Section 9.9 Governing Law.
The Loan Documents shall be governed by, and construed in accordance with, the laws of the State of New York.
Section 9.10 Severability of Provisions.
Any provision of this Agreement which is prohibited or unenforceable shall be ineffective to the extent of such prohibition or unenforceability without invalidating the remaining provisions hereof.
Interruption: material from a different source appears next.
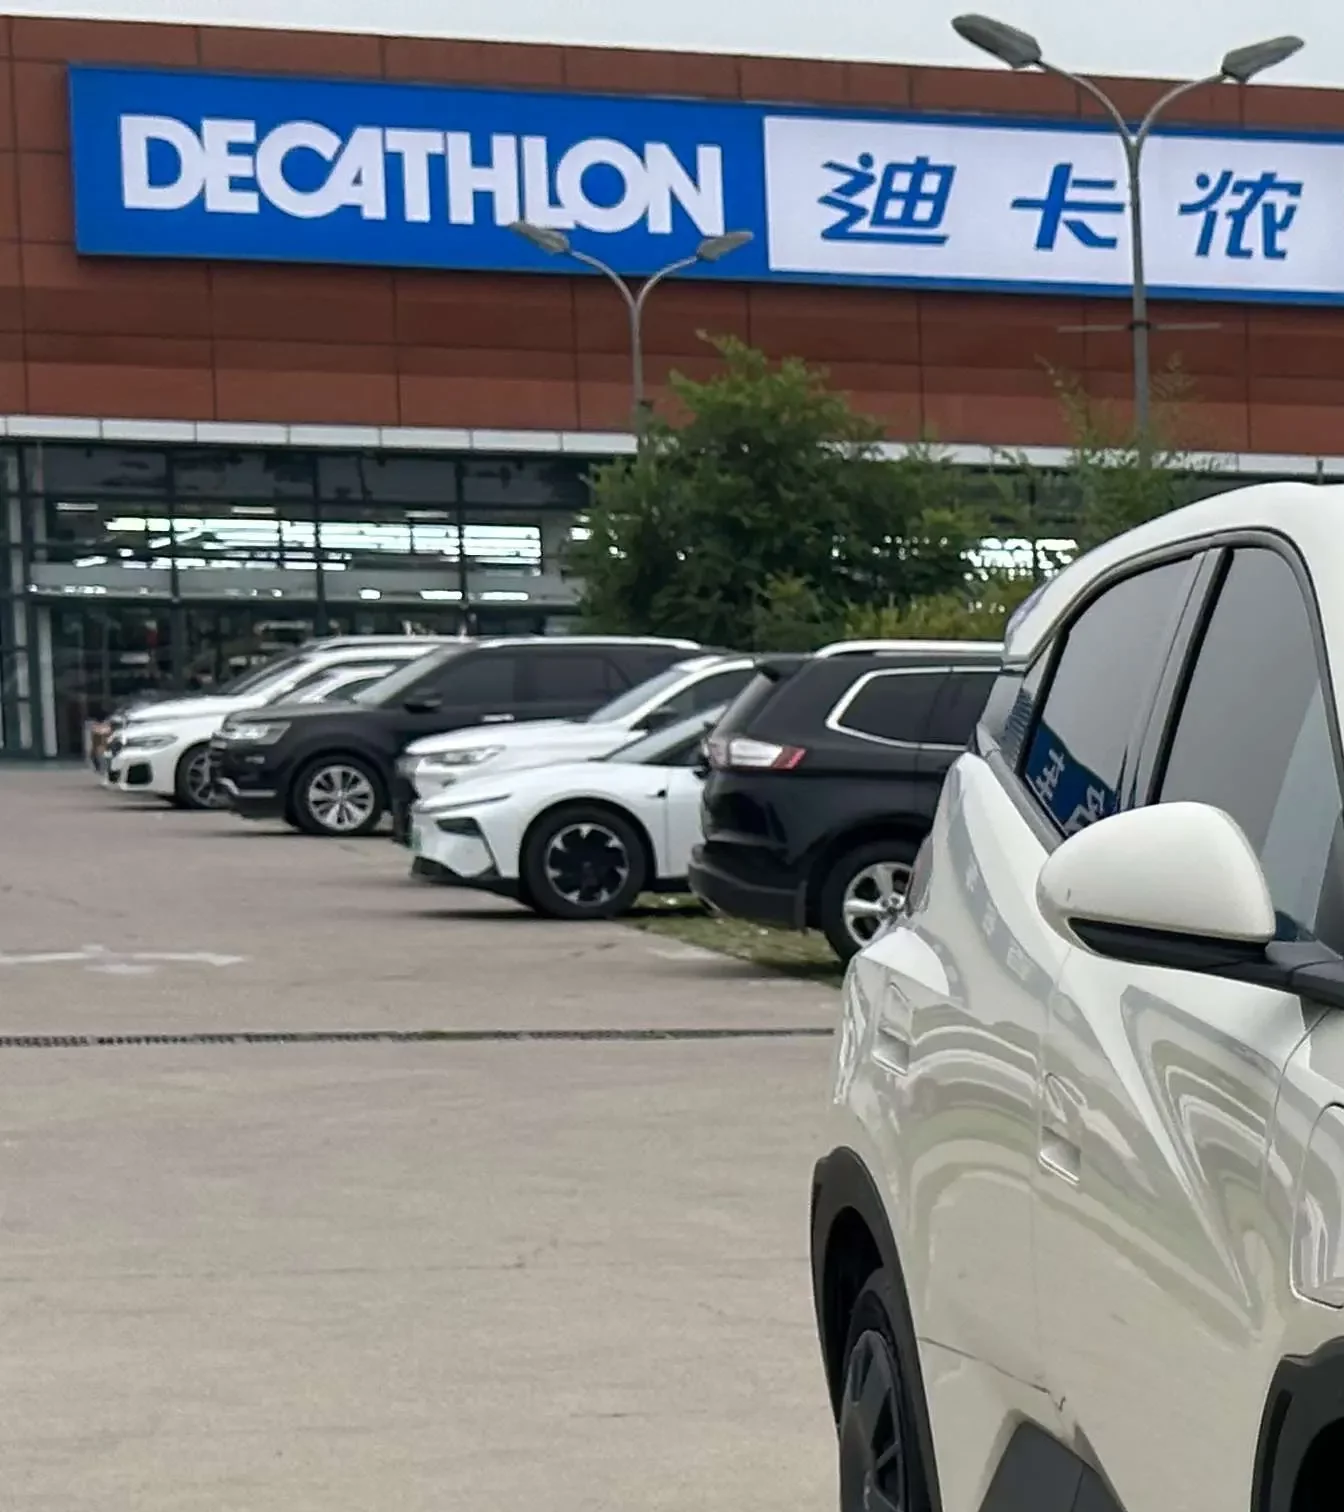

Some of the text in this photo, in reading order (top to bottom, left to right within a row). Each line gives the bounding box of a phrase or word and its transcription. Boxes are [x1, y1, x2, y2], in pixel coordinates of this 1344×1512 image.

[119, 114, 726, 237] DECATHLON
[817, 152, 1304, 260] 迪卡侬
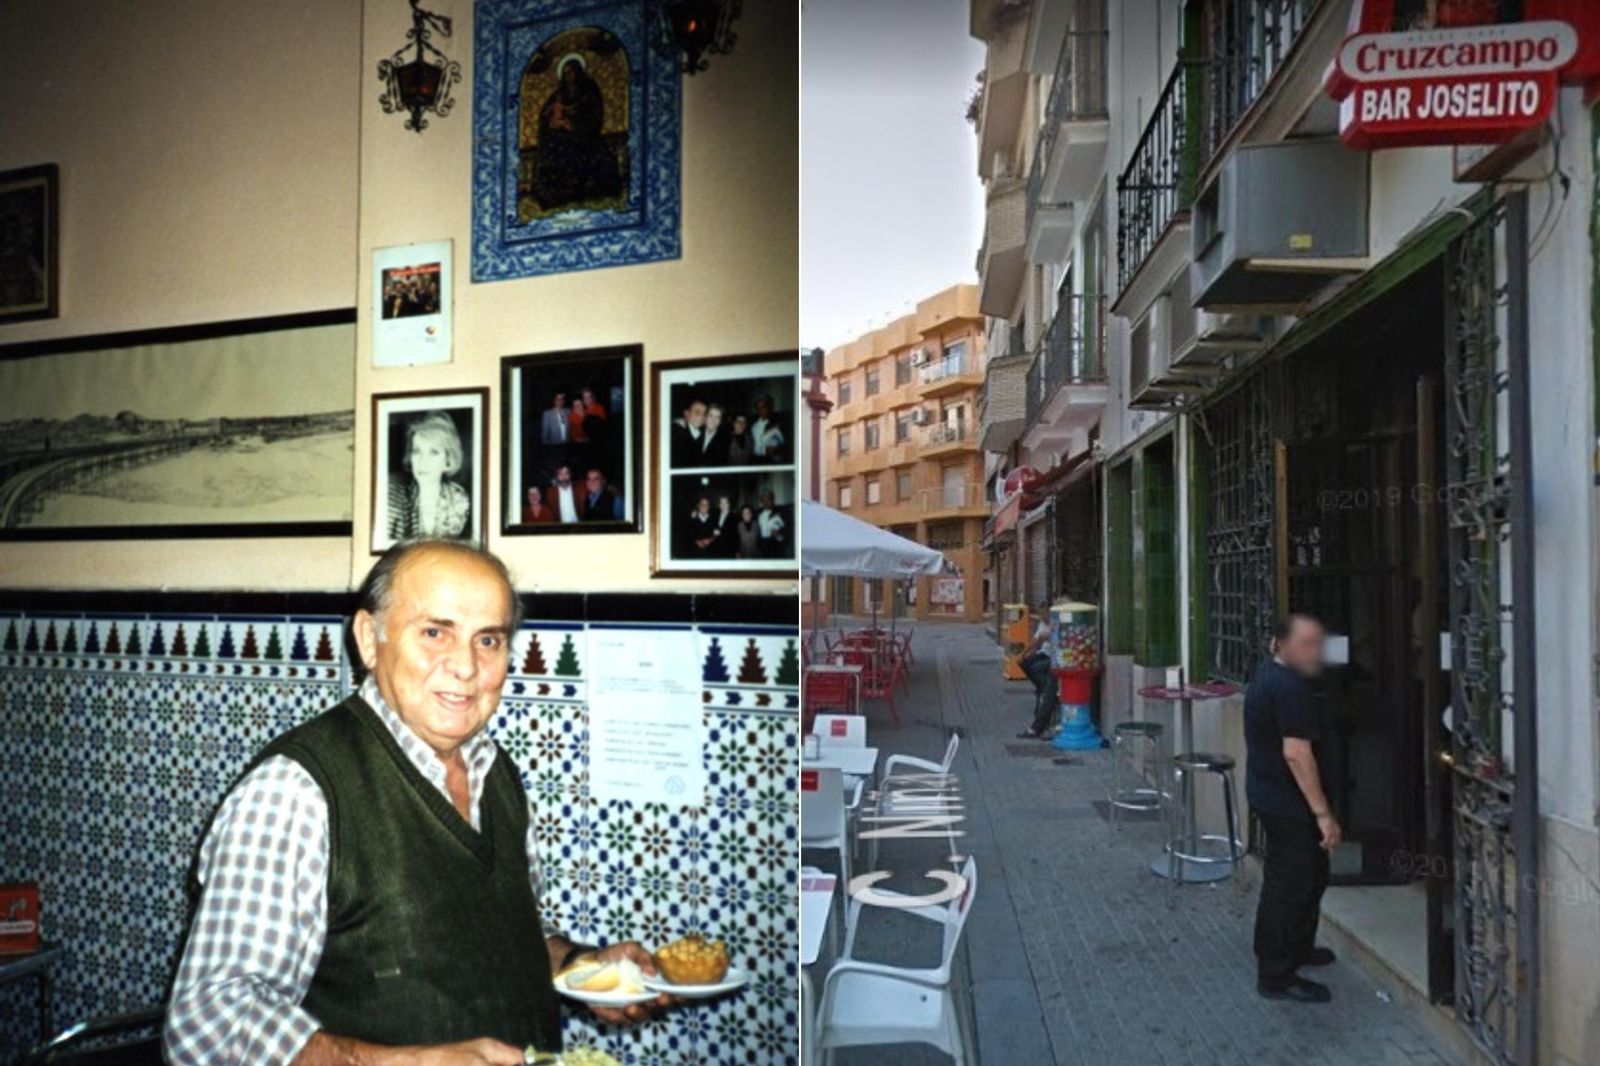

Section 9.11 Consent to Jurisdiction.
Each party irrevocably (a) agrees that any suit, action or other legal proceeding arising out of or relating to this Agreement or any other Loan Document shall be brought in a court of record in New York County in the State of New York or in the courts of the United States located in such State (provided that the foregoing shall not affect any right that the Administrative Agent or any Lender may otherwise have to bring any action or proceeding relating to this Agreement or any other Loan Document against the Borrower or its properties in the courts of any jurisdiction), (b) consents to the jurisdiction of each such court in any suit, action or proceeding, (c) waives any objection which it may have to the laying of venue of any such suit, action or proceeding in any such courts and any claim that any such suit, action or proceeding has been brought in an inconvenient forum, and (d) agrees that a final judgment in any such suit, action or proceeding shall be conclusive and may be enforced in other jurisdictions by suit on the judgment or in any other manner provided by law.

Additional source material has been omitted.